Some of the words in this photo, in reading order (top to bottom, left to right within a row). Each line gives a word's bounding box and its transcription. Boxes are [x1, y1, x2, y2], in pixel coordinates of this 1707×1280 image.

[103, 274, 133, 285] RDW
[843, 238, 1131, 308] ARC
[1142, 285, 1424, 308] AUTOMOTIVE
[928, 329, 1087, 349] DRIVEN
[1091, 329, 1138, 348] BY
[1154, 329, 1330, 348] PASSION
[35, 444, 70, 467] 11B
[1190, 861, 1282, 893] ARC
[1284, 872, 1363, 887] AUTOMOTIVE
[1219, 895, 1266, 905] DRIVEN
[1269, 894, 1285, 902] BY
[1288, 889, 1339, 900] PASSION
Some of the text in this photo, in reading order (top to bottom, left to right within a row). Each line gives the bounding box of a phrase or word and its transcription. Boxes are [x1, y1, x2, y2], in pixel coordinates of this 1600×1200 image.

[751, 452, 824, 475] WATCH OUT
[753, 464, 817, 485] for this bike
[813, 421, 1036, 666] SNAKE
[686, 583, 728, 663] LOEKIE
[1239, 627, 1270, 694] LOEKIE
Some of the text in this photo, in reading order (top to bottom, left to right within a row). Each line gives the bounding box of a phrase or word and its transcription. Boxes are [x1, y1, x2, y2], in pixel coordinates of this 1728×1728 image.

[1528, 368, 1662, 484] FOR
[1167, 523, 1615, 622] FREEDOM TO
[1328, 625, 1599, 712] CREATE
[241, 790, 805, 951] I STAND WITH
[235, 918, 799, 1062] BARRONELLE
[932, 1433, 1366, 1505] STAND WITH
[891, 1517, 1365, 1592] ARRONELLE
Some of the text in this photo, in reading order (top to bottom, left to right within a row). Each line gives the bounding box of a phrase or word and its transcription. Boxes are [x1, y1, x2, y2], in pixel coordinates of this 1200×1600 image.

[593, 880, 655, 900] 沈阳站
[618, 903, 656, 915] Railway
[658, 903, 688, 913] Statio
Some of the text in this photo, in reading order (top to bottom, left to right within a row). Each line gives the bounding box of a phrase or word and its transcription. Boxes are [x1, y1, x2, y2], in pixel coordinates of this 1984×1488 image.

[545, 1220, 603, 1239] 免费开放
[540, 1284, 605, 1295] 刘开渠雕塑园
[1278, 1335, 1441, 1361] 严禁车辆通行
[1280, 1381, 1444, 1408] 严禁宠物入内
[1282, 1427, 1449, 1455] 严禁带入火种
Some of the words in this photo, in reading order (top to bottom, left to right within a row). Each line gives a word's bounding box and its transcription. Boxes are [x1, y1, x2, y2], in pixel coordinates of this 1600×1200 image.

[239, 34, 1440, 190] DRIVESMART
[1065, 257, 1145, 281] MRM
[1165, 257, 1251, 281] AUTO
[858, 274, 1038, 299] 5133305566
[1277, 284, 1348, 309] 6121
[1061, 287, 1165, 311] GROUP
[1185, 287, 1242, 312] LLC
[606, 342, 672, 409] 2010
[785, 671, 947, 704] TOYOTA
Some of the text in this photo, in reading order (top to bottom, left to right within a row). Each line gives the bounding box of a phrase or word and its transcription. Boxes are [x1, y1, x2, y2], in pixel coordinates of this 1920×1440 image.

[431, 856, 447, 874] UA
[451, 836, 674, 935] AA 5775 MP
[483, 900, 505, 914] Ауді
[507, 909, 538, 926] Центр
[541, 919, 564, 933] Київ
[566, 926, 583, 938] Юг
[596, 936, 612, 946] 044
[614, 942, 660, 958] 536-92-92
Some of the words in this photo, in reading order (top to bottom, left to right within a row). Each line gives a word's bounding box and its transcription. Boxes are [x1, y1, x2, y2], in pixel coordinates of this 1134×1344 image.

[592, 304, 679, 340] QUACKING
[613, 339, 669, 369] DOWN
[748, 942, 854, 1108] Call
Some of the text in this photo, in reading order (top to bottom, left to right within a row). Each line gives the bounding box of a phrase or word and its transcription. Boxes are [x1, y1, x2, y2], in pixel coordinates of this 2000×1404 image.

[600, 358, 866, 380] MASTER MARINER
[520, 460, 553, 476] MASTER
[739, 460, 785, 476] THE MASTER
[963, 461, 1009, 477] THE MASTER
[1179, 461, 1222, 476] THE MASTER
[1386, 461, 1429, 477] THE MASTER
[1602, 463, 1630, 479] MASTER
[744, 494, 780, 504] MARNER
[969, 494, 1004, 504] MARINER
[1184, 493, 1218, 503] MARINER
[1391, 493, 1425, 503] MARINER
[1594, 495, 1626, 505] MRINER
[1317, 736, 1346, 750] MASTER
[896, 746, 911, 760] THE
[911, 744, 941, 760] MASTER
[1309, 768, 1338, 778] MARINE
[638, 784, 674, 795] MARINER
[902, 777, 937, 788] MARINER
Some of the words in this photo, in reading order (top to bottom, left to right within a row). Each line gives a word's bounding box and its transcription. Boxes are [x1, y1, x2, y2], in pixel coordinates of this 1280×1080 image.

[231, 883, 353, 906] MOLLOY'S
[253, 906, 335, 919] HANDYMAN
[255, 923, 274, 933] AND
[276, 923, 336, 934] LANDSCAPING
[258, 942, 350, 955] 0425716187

++++++++++

Description of the task — Repeat the entries exactly, leaving nothing out.

Problem solution —
Some of the words in this photo, in reading order (top to bottom, left to right within a row). Each line gives a word's bounding box and its transcription. Boxes are [x1, y1, x2, y2], in pixel coordinates of this 1707×1280 image.

[103, 274, 133, 285] RDW
[843, 238, 1131, 308] ARC
[1142, 285, 1424, 308] AUTOMOTIVE
[928, 329, 1087, 349] DRIVEN
[1091, 329, 1138, 348] BY
[1154, 329, 1330, 348] PASSION
[35, 444, 70, 467] 11B
[1190, 861, 1282, 893] ARC
[1284, 872, 1363, 887] AUTOMOTIVE
[1219, 895, 1266, 905] DRIVEN
[1269, 894, 1285, 902] BY
[1288, 889, 1339, 900] PASSION
Some of the text in this photo, in reading order (top to bottom, left to right within a row). Each line gives the bounding box of a phrase or word and its transcription. Boxes are [x1, y1, x2, y2], in pixel coordinates of this 1600×1200 image.

[751, 452, 824, 475] WATCH OUT
[753, 464, 817, 485] for this bike
[813, 421, 1036, 666] SNAKE
[686, 583, 728, 663] LOEKIE
[1239, 627, 1270, 694] LOEKIE
Some of the text in this photo, in reading order (top to bottom, left to right within a row). Each line gives the bounding box of a phrase or word and its transcription. Boxes are [x1, y1, x2, y2], in pixel coordinates of this 1728×1728 image.

[1528, 368, 1662, 484] FOR
[1167, 523, 1615, 622] FREEDOM TO
[1328, 625, 1599, 712] CREATE
[241, 790, 805, 951] I STAND WITH
[235, 918, 799, 1062] BARRONELLE
[932, 1433, 1366, 1505] STAND WITH
[891, 1517, 1365, 1592] ARRONELLE
Some of the text in this photo, in reading order (top to bottom, left to right within a row). Each line gives the bounding box of a phrase or word and its transcription. Boxes are [x1, y1, x2, y2], in pixel coordinates of this 1200×1600 image.

[593, 880, 655, 900] 沈阳站
[618, 903, 656, 915] Railway
[658, 903, 688, 913] Statio
Some of the text in this photo, in reading order (top to bottom, left to right within a row). Each line gives the bounding box of a phrase or word and its transcription. Boxes are [x1, y1, x2, y2], in pixel coordinates of this 1984×1488 image.

[545, 1220, 603, 1239] 免费开放
[540, 1284, 605, 1295] 刘开渠雕塑园
[1278, 1335, 1441, 1361] 严禁车辆通行
[1280, 1381, 1444, 1408] 严禁宠物入内
[1282, 1427, 1449, 1455] 严禁带入火种
Some of the words in this photo, in reading order (top to bottom, left to right within a row). Each line gives a word's bounding box and its transcription. Boxes are [x1, y1, x2, y2], in pixel coordinates of this 1600×1200 image.

[239, 34, 1440, 190] DRIVESMART
[1065, 257, 1145, 281] MRM
[1165, 257, 1251, 281] AUTO
[858, 274, 1038, 299] 5133305566
[1277, 284, 1348, 309] 6121
[1061, 287, 1165, 311] GROUP
[1185, 287, 1242, 312] LLC
[606, 342, 672, 409] 2010
[785, 671, 947, 704] TOYOTA
Some of the text in this photo, in reading order (top to bottom, left to right within a row). Each line gives the bounding box of a phrase or word and its transcription. Boxes are [x1, y1, x2, y2], in pixel coordinates of this 1920×1440 image.

[431, 856, 447, 874] UA
[451, 836, 674, 935] AA 5775 MP
[483, 900, 505, 914] Ауді
[507, 909, 538, 926] Центр
[541, 919, 564, 933] Київ
[566, 926, 583, 938] Юг
[596, 936, 612, 946] 044
[614, 942, 660, 958] 536-92-92
Some of the words in this photo, in reading order (top to bottom, left to right within a row). Each line gives a word's bounding box and its transcription. Boxes are [x1, y1, x2, y2], in pixel coordinates of this 1134×1344 image.

[592, 304, 679, 340] QUACKING
[613, 339, 669, 369] DOWN
[748, 942, 854, 1108] Call
Some of the text in this photo, in reading order (top to bottom, left to right within a row). Each line gives the bounding box of a phrase or word and its transcription. Boxes are [x1, y1, x2, y2], in pixel coordinates of this 2000×1404 image.

[600, 358, 866, 380] MASTER MARINER
[520, 460, 553, 476] MASTER
[739, 460, 785, 476] THE MASTER
[963, 461, 1009, 477] THE MASTER
[1179, 461, 1222, 476] THE MASTER
[1386, 461, 1429, 477] THE MASTER
[1602, 463, 1630, 479] MASTER
[744, 494, 780, 504] MARNER
[969, 494, 1004, 504] MARINER
[1184, 493, 1218, 503] MARINER
[1391, 493, 1425, 503] MARINER
[1594, 495, 1626, 505] MRINER
[1317, 736, 1346, 750] MASTER
[896, 746, 911, 760] THE
[911, 744, 941, 760] MASTER
[1309, 768, 1338, 778] MARINE
[638, 784, 674, 795] MARINER
[902, 777, 937, 788] MARINER
Some of the words in this photo, in reading order (top to bottom, left to right within a row). Each line gives a word's bounding box and its transcription. Boxes are [x1, y1, x2, y2], in pixel coordinates of this 1280×1080 image.

[231, 883, 353, 906] MOLLOY'S
[253, 906, 335, 919] HANDYMAN
[255, 923, 274, 933] AND
[276, 923, 336, 934] LANDSCAPING
[258, 942, 350, 955] 0425716187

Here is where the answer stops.